Harper, her mom, Gina Lovejoy, and grandmother, Marge Kelley will attend Zoar Baptist Church together with other family members and then Harper said she is probably going out to dinner. That is how she will spend her first of what will be many Mother’s Days.

Being a mom, Harper said, “is completely different from what I thought it would be. It is 10 times better than I ever imagined. She is so good. She is happy all the time and she hardly ever cries.”

Like all new mothers, Harper said she has worries.

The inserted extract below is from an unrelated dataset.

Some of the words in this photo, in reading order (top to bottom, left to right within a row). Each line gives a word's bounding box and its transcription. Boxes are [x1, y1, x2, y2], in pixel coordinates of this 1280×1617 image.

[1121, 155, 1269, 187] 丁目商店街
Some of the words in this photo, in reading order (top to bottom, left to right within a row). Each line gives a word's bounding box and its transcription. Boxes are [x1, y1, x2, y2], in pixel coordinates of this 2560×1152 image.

“I worry about everything, ‘am I doing it right?’ My mom was the best mom and I want to be as good as she is,” Harper said. “She’s been very helpful. Everyone has been helpful.”

If mom has been providing a good example and some good advice, grandma is providing that pair of loving extra hands for which grannies are so well known and Harper is thankful for that as well.

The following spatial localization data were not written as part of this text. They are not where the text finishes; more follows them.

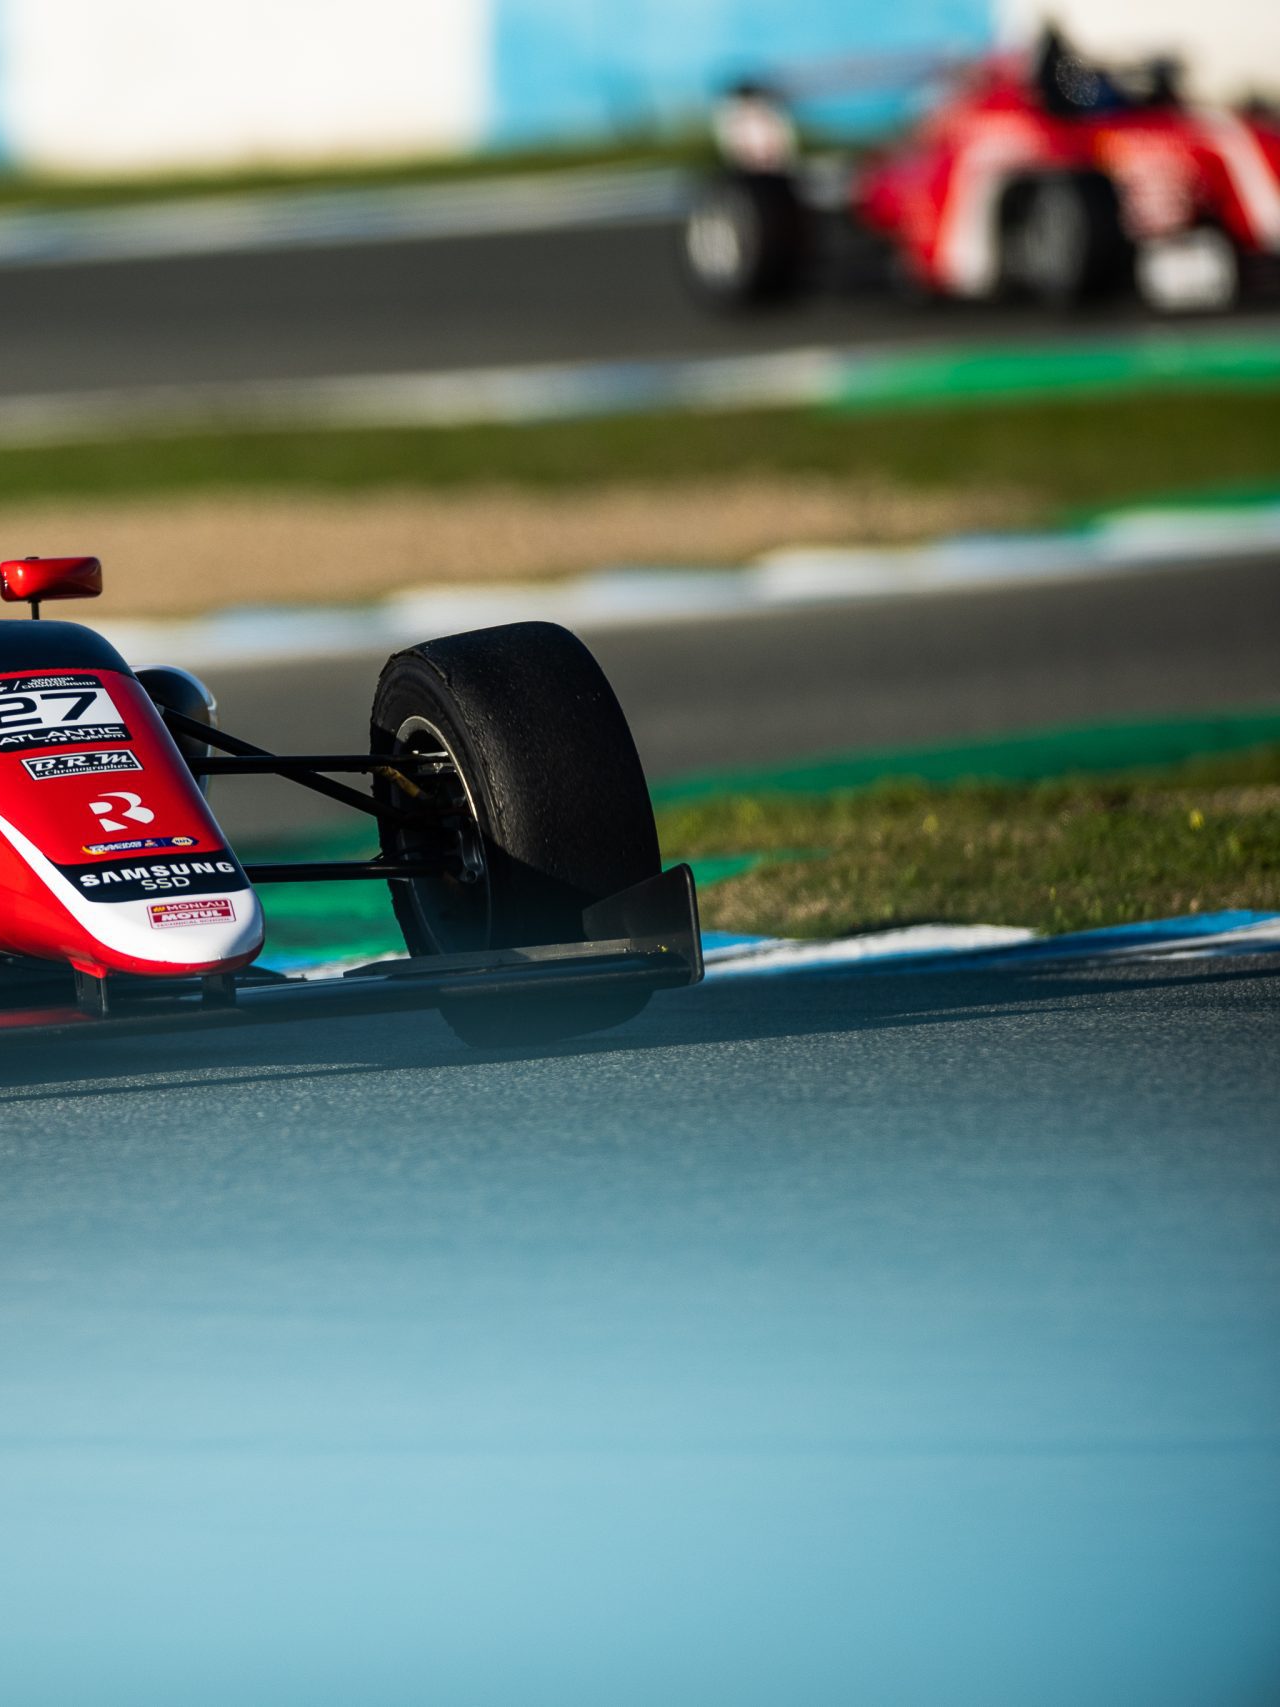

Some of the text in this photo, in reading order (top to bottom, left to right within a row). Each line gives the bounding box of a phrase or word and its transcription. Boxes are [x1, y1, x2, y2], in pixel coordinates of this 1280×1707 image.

[0, 726, 123, 746] ATLANTIC
[79, 862, 236, 888] SAMSUNG
[141, 876, 191, 891] SSD
[166, 900, 226, 912] MONLAU
[161, 910, 223, 922] MOTUL

“She just likes to sit and hold her and rock her,” Harper said of Kelley. “She told me ‘you can’t spoil them. Hold them as much as you want to.’”

Harper said she had no idea what kind of gift husband Josh would surprise her with this first Mother’s Day but she has already received the greatest Mother’s Day gift she could have ever gotten and it came a few weeks early: little Emma.

“I am so happy,” Harper said. “I am really, really thankful and I feel really, really blessed. God’s really blessed us and he’s been really good to us.”

Memories

Mary Carrico and Barbara Pennington, both of Ironton, know a thing or two about babies and motherhood. Carrico had 10 children of her own, Pennington had two.

“Two boys and eight girls,” Carrico said with a smile.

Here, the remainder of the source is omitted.